In terms of its social and cultural impact, electronic commerce is comparable in magnitude to the opening up of the spice routes in the rule of Alexander the Great. Recent research from the US government (http://www. ecommerce.gov/emerging) found that 8.2 per cent of US GDP derives from IT - up from 4.9 per cent in 1985 - and that IT companies are responsible for 35 per cent of the growth in the American economy. Hence the Government's mixed reaction to e-commerce.

But the deeper problem is that no institution is ready to tackle the prospect of national models breaking down in the face of an online world. Consider the case of the European Union. Within the European Commission there are any number of directorates general with jurisdiction that intersects with the information economy and the Internet, from DG XXIV, concerned with consumer issues, to DG X, which manages policy-making for the information and communications industries related to content, culture and audiovision.

"A lot of work has to be done simply to get all the people into the same room at the same time," James said. "The trouble with the [Commission] is that in its eagerness to get legislation right, it seeks to develop theoretically perfect models before starting."

Meanwhile, a Japanese delegation at the conference, which was sponsored by Giga Information Group and Arthur D Little, had the idea that every nation should put up an Internet gateway for sites in their country, as a kind of virtual border control. They were quickly dissuaded when given a demonstration of the way the Web works.

"Luckily, the success rate of electronic commerce is far faster than the ability of any government to construct means of control," James said. "So we find ourselves in a state of happy chaos, which is good because the market is doing most of the work."

However, some bodies do have an important role to play. The World Trade Organisation (WTO), for example, has become a favourite in the IT industry because of its action to liberalise the telecommunications markets in the 70 nations that produce more than 90 per cent of the world's telecom business. It has also adopted a declaration to eliminate all tariffs on IT products by 2000 - no small achievement for countries such as India where the rate is set at 80 per cent and represents 40 per cent of government revenues.

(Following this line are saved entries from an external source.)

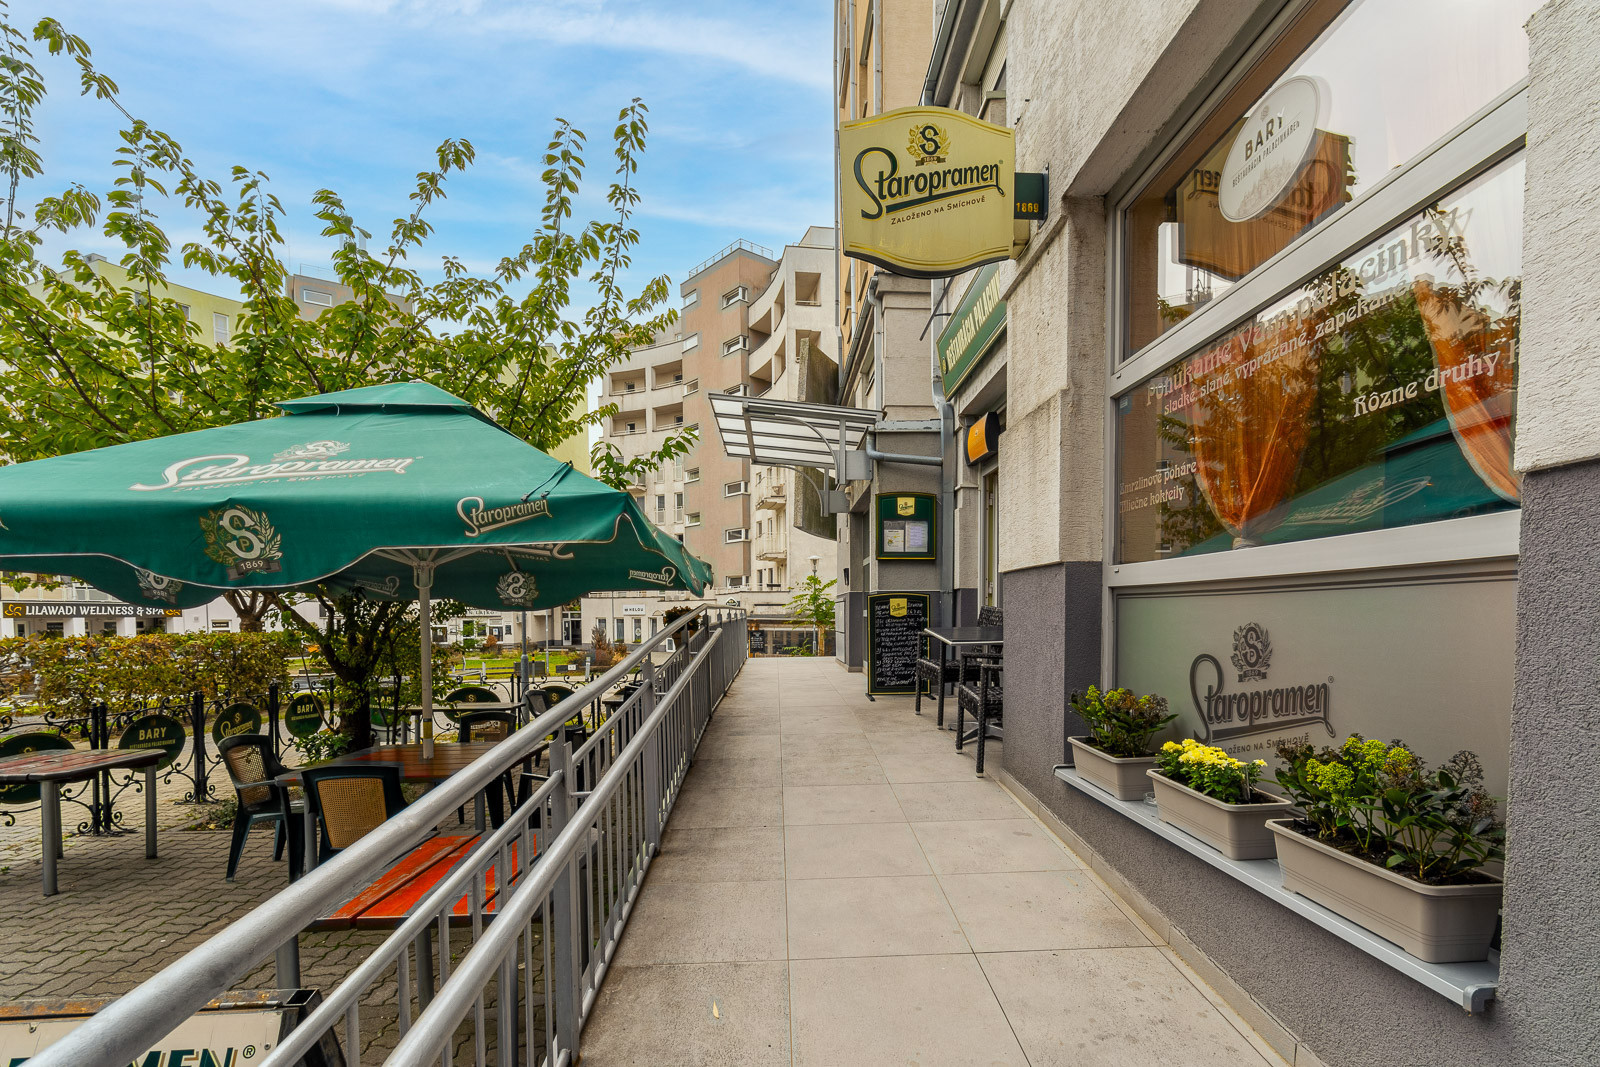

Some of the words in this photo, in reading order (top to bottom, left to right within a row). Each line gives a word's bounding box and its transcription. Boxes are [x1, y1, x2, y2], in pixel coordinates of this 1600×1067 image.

[1245, 106, 1285, 161] BARY
[853, 146, 1006, 220] Staropramen
[1015, 202, 1039, 213] 1869
[1352, 381, 1418, 418] Rôzne
[1424, 350, 1501, 393] druhy
[128, 452, 414, 492] Staropramen
[1163, 461, 1197, 485] poháre
[1149, 484, 1185, 506] kokteily
[456, 496, 552, 538] Staropramen
[240, 560, 264, 570] 1869
[26, 605, 77, 616] LILAWADI
[79, 605, 134, 616] WELLNESS
[136, 607, 144, 616] &
[146, 607, 165, 616] SPA
[296, 703, 315, 714] BARY
[1190, 653, 1336, 746] Staropramen
[139, 726, 167, 741] BARY
[1253, 742, 1264, 751] NA

"It is not going too far to say that the WTO now sees its role as creating the global environment for electronic commerce," James suggested. "While decisions are made by the vote of government delegations, the deliberations are fairly transparent, and there is opportunity for private-sector interests to be advocated."

Would that the Organisation for Economic Co-operation and Development (OECD), which "has operated in a closed, restricted environment", were so open. It was formed from a post-Second World War body and is a significant player in Cold War politics, and James suggested that its attitude of suspicion has been behind certain restrictions - most recently evident in America's ban on encryption exports. However, the OECD has been successfully lobbied by the American IT sector, indicating the growing power of the industry over direct changes to public policy.

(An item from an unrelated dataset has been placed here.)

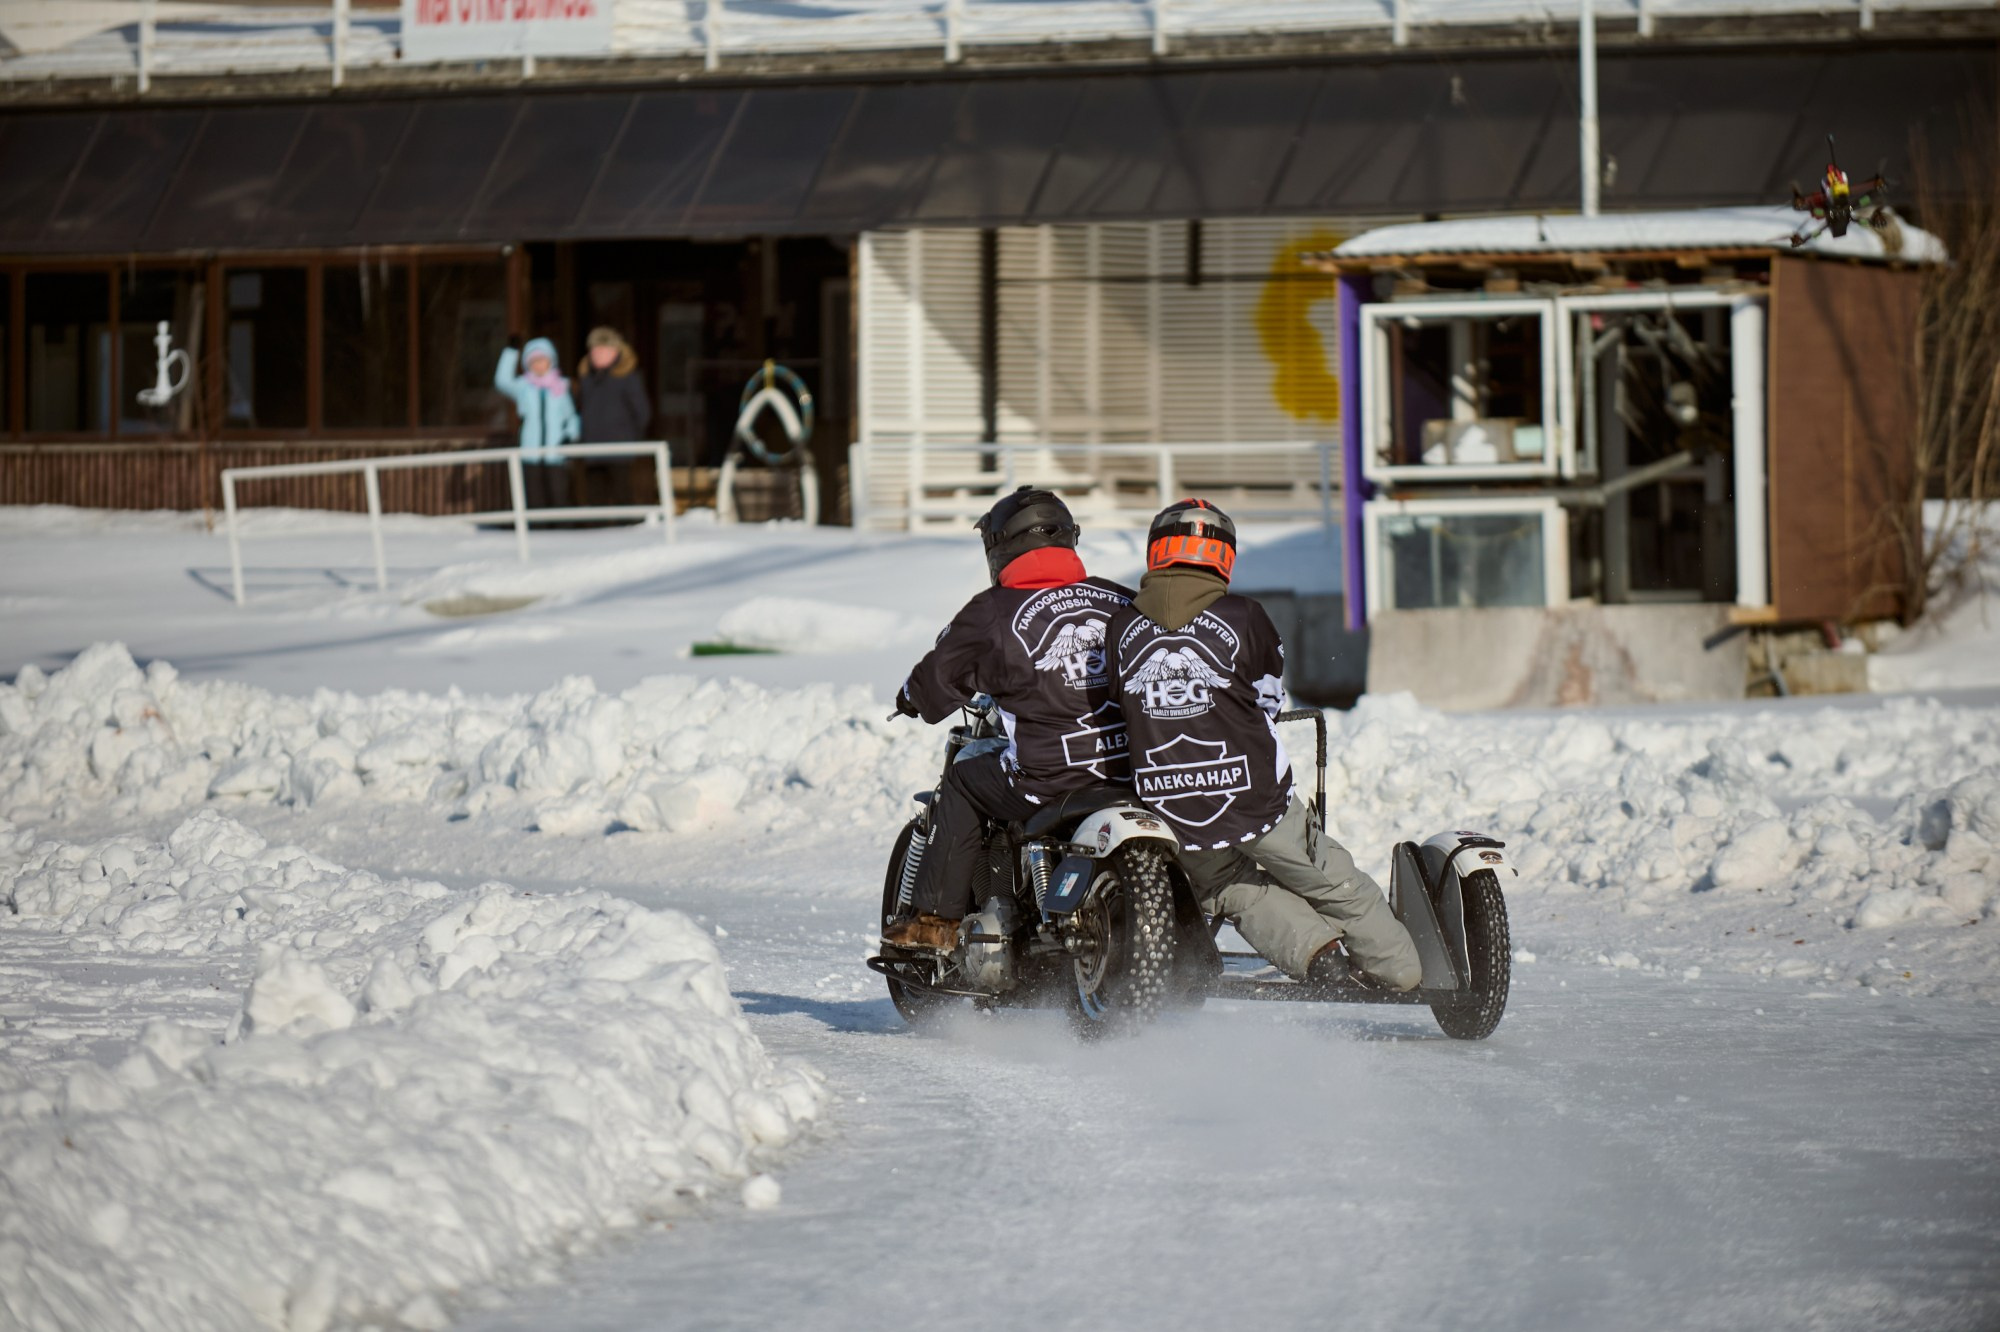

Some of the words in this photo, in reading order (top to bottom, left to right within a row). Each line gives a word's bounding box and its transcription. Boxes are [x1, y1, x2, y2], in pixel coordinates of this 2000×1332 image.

It is at this point that the challenge to national sovereignty rises like a spectre in the minds of at least some world leaders. The Malaysian Prime Minister, Mohammed Mahathir, famous for his advocacy of the now- floundering "information super-corridor", has been one head of state to give voice to this concern. He recently asked the World Bank to sponsor a conference on how to preserve sovereignty against the online onslaught, to no avail. Other countries, in rather less anomalous positions than Malaysia, may be persuaded of the need, too. Germany, for example, recently said it would not recognise the digital signatures of other countries without agreeing specific treaties with each, in a move seen by many as an act of naked protectionism.

This year is a crucial one for resolving these meta-political issues, not only because the electronic commerce market will reach critical mass but because other bodies, such as the United Nations Conference on International Trade Law, will begin rolling out its Model Law to promote paperless communication. And perhaps, by the end of it, Tony Blair will also realise that the Internet is more than just something to do with an Italian football team.